O dorso arrebentado de sol
PRIMEIRO
O toque mesmo nas coisas
para lembrar as mãos da
arquitetura limpa daquilo
que o mundo gestou.
A mão limpa, cartesiana, reta
pelas coisas
para tirar o pó sobre os nomes
sol, xícara, casca, ladrilho, pêssego, miséria
e tocar outra vez
como no Dia Primeiro
algo dos nomes
que vibre.
*
MANHÃ
a –
Notícias da manhã
informam que o tempo, de
……………………………fato, passou,
e que a noite foi só uma
de fato.
b –
O dorso arrebentado do sol,
surge o dia.
c –
A manhã ruge
nos dentes das árvores.
*
CANTO DE DISSOLUÇÃO
Sepultadas no tempo
deitam-se as coisas todas,
que já nem coisas são,
mas memória de coisas.
Sepultados no tempo
afundam-se os rostos
todos, ou quase todos,
e as datas, risos, gostos.
Sepultadas no tempo
jazem as nossas vidas,
num tempo em que não são
nem gozo nem ferida.
Sepultados, enfim,
no tempo, todos nós.
Onde não há nem feito,
nem pessoa, nem voz.
*
CANTO APAZIGUADO
O que sobra das mãos são as sombras de gestos
que, já feitos, nos jazem nas mãos sepultados.

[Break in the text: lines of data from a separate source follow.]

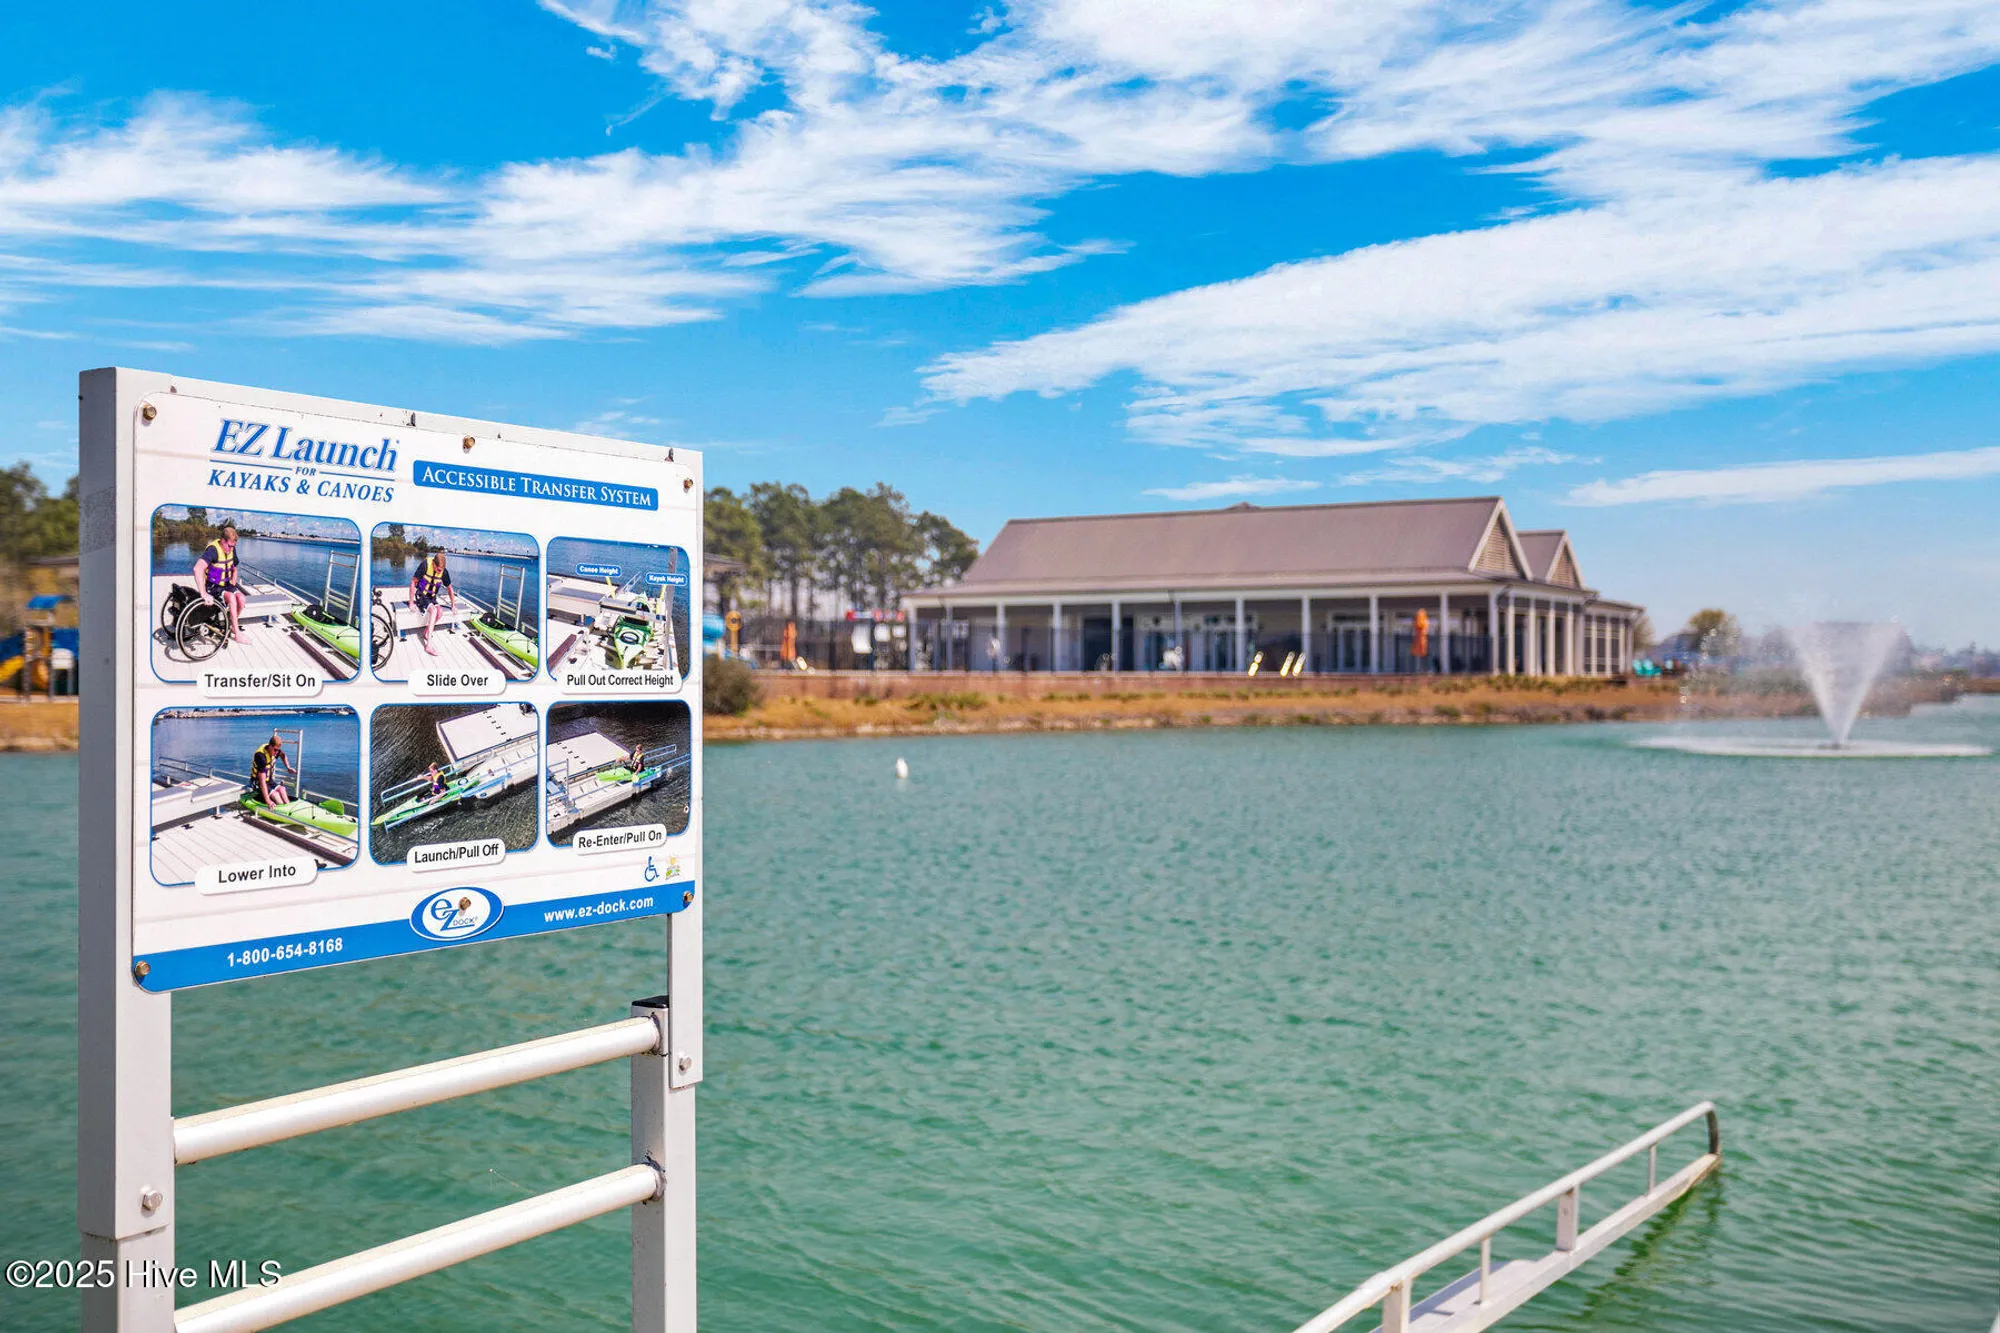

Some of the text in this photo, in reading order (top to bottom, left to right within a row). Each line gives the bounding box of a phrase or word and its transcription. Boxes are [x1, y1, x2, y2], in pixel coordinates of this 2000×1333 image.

[212, 418, 398, 472] EZ Launch
[295, 466, 317, 477] FOR
[207, 469, 395, 504] KAYAKS & CANOES
[422, 466, 652, 507] ACCESSIBLE TRANSFER SYSTEM
[579, 565, 619, 576] Canoe Height
[649, 574, 685, 584] Kayak Height
[204, 673, 316, 688] Transfer/Sit On
[426, 673, 489, 687] Slide Over
[566, 674, 674, 687] Pull Out Correct Height
[578, 829, 662, 849] Re-Enter/Pull On
[414, 843, 499, 864] Launch/Pull Off
[218, 864, 297, 884] Lower Into
[544, 896, 654, 923] www.ez-dock.com
[227, 937, 344, 968] 1-800-654-8168

O que sobra de olhares: o breve relance
que, de breve, se perde entre o feito e o lembrado.
O que resta de risos são luzes de dentes
entrevistos por entre a cortina do lábio.

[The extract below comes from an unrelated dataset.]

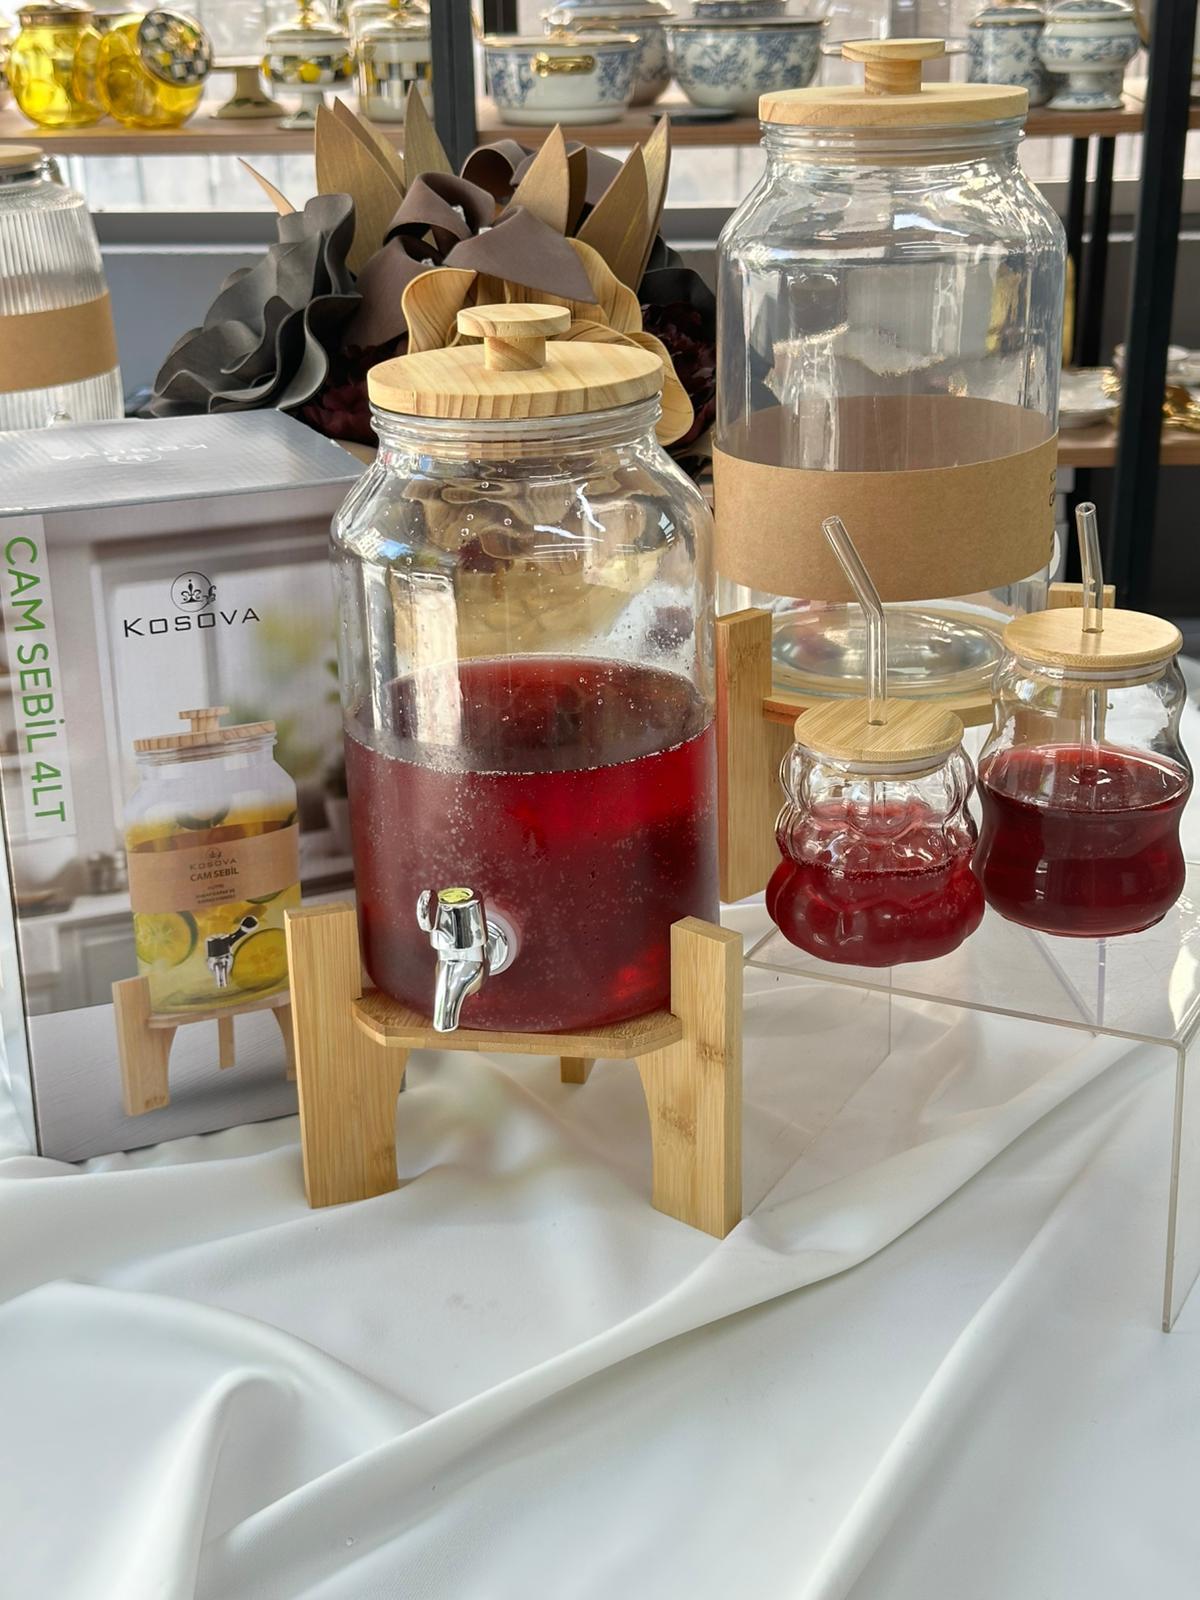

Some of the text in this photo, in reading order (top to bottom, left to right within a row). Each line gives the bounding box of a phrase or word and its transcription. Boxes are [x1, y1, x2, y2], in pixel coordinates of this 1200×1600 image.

[123, 608, 260, 638] KOSOVA
[5, 536, 66, 822] CAM SEBİL 4LT
[190, 858, 237, 870] KOSOVA
[190, 866, 239, 881] CAM SEBİL

O que resta da vida é a vida que fica
e ficando é que parte ao eterno adiado.
*
说
“Dedicado a Wlademir Dias-Pino”
e surpreender-se
de
falar
se a gar-
ganta
já se
intui
inútil
quem quem quem
Deus
quem tem coragem de
de abrir
a boca
para ouvir outra coisa que o silêncio
para ouvir coisa que
o silêncio diz
……………………………………….[melhor
quem tem coragem
de
falar
sabendo sabendo
que a fala morre
antes de
passar
do porto
da língua
quem pode quem se lança a
quem tem coragem
de
falar
sabendo que a fala
resvala
e cai na quina do quarto
sem som
quem quem quem
quem
tem coragem de falar
e de ouvir o que
diz
quem então tem coragem
de
falar
quando vê, sabe, escuta
pressente
que o que se sente
não há onde se assente
no ouvido do outro
quem tem
coragem
de
falar
quando a fala
sabe
que sua única voz
verdadeira
é quando cala
*
POEMA AMARELO
a faca tem de ser eloquente
e falar sabendo o porquê
e falar o discurso de chaga
ferida
na carne que a faca lê
*
POEMA DO AMADO PARA SEU AMADO
“Penteei-me para o rei
Mas foi ao escravo que dei as tranças do meu cabelo”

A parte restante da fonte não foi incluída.